Perceptive points, all. I have to go back and get my arms around the stepped hedge that was put into place to understand how the different strikes and market prices play out in terms of net cost and dilution.

On the downside (Monday opening hasn't even arrived and I'm already raining on the parade), I guess there are the following:

- management's irrational exuberance (R&D spend) (maybe Soltara really did give them religion)
- Xopenex challenge--what is your assessment of probability?
- market swoon and valuation
- failure of drug candidates
- politically motivated assault on drug pricing* and facilitation of entrance of generics into the market
- Estorra market share against existing and new competition

Corrigan seems to be a real asset. A steely, steady, no-nonsense hand working among drug development, science and regulatory affairs can't hurt.

* (At dinner with friends last night, there was a heated discussion about our system of meting out medical care: those who can afford it do quite nicely (availing themselves of the benefits of arguably the most cutting edge bio-medical sector in the world) vs. the inequitable distribution of care to the rest of us. Our hosts: the husband's mother, who has outlived the "system's" willingness to fund hospitalization for advanced Parkinson's (she has survived a good year beyond the programmed end point) and the wife's niece, who is being refused care for autism and other conditions on the basis that the therapies proposed are "experimental". My wife works for an HMO--she was, of course, empathetic, but also observed that she is privy to impassioned screaming matches between CMO's and assistant CMO's and nurses who argue impassionedly about whether a given treatment is justified or should be withheld. I chimed in with the conundrum between the insane costs of some treatments (especially oncological) vs. the absence of incentivation that would result if pharma and BT could not recover (and then some) their sunk costs in successful therapeutics as well as those that never reach application status. Will we reach the point of caps on gross margin?

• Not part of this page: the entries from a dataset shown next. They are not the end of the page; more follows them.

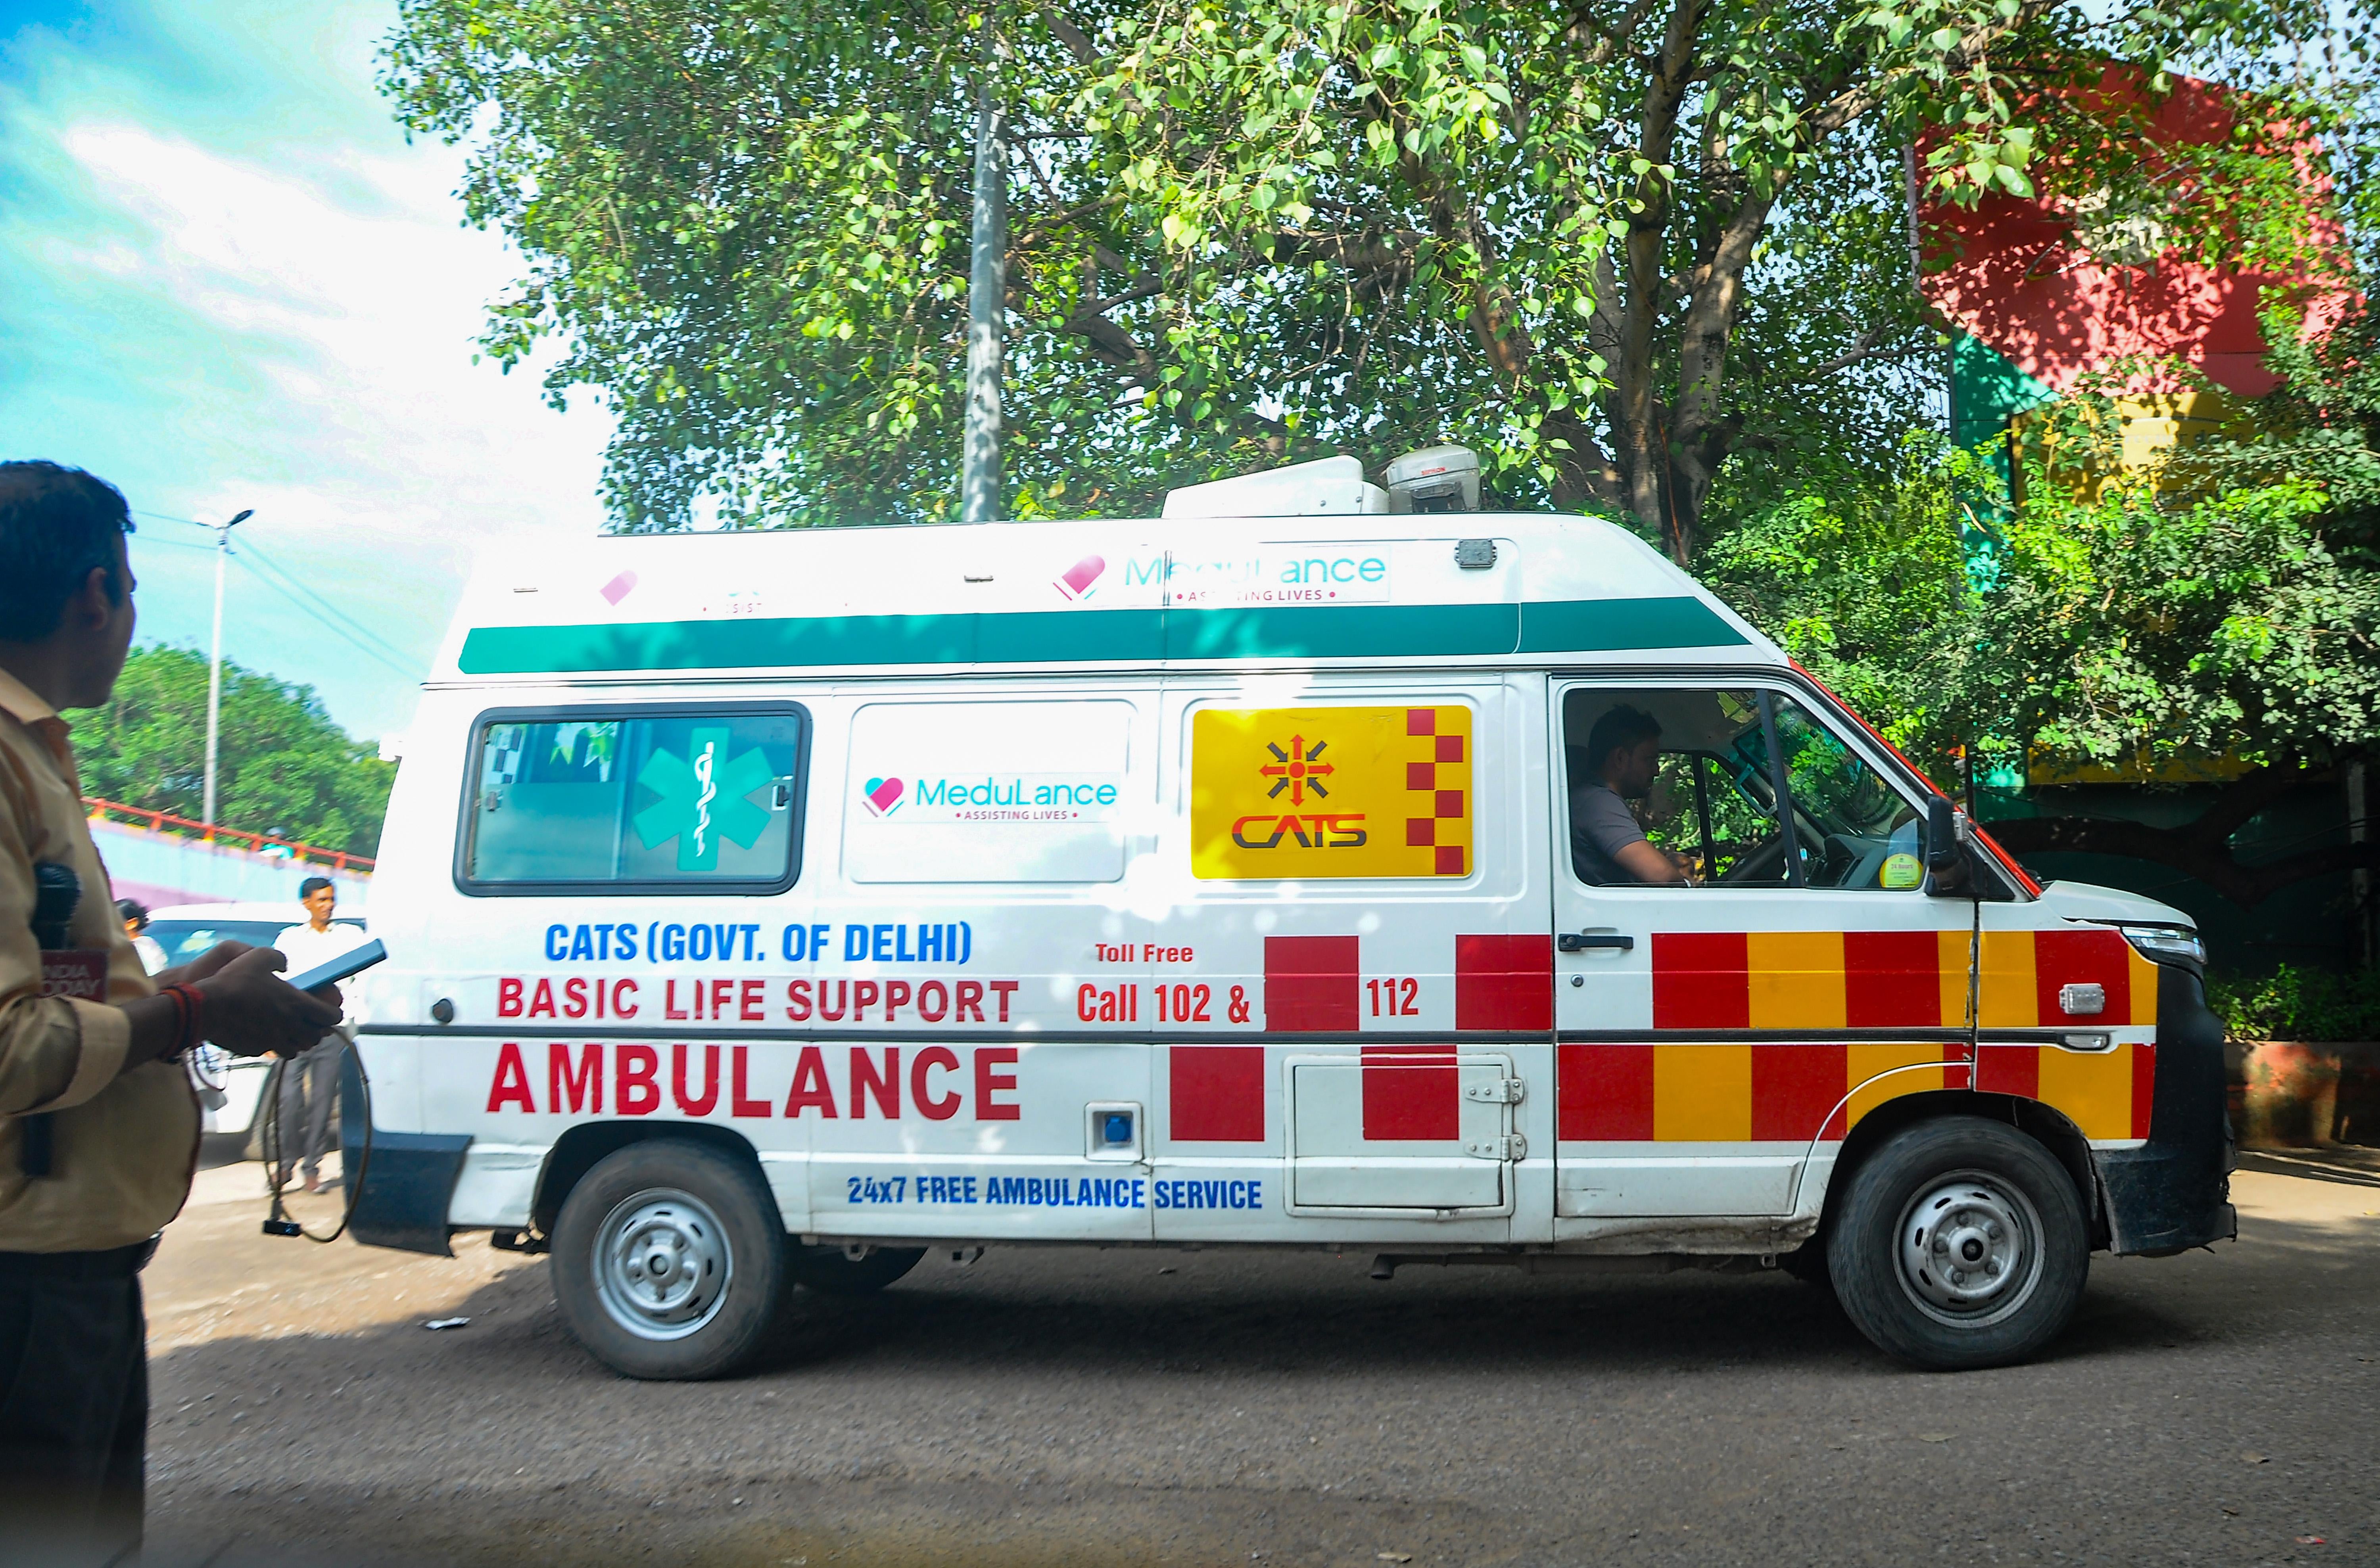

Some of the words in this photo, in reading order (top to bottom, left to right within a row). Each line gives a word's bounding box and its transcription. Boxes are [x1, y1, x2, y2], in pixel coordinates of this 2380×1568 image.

[1278, 590, 1322, 600] LIVES
[917, 777, 1117, 805] MeduLance
[964, 811, 1028, 820] ASSISTING
[1033, 811, 1067, 820] LIVES
[1232, 814, 1367, 848] CATS
[545, 923, 638, 962] CATS
[647, 921, 765, 964] (GOVT.
[782, 924, 831, 962] OF
[844, 920, 972, 965] DELHI)
[1096, 943, 1134, 962] Toll
[1144, 944, 1194, 962] Free
[42, 964, 89, 978] NDIA
[41, 979, 101, 995] ODAY
[498, 978, 639, 1018] BASIC
[666, 980, 764, 1020] LIFE
[787, 980, 1018, 1022] SUPPORT
[1078, 983, 1137, 1022] Call
[1155, 984, 1211, 1022] 102
[1228, 985, 1250, 1023] &
[1367, 978, 1419, 1016] 112
[487, 1043, 1020, 1120] AMBULANCE
[847, 1176, 907, 1204] 24x7
[915, 1177, 978, 1204] FREE
[985, 1178, 1145, 1208] AMBULANCE
[1154, 1180, 1263, 1209] SERVICE

As we boomers absorb more and more of the care, and account for more and more of the expense, of our health care system, can real reform be too far off? Not in this administration, but somewhere down the line.

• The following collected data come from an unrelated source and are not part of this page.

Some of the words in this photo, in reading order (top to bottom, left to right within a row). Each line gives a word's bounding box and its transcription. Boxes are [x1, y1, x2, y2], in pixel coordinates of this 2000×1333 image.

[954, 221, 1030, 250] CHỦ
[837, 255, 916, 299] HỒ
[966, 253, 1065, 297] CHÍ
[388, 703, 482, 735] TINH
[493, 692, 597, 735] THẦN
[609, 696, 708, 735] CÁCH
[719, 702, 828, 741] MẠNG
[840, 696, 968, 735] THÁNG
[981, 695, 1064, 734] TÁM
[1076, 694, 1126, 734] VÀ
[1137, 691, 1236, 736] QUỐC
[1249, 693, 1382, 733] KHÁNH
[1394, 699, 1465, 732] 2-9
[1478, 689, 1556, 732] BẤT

In this sense, since SEPR is not, by and large, seeking marketing approval or R&D in critical care products, does that confer an advantage? Recall the discussion on this board regarding the allergy treatments, OTC and prescription.

quid

Peter--re ENRN--what made the "toxic convert" analogs so insidious was that they worked their magical value destroying magic from afar, through undisclosed spv's whose capitalization and transactions values were premised on the value of ENRN stock. I hope to see Skilling trudge down his own, personal Calvary.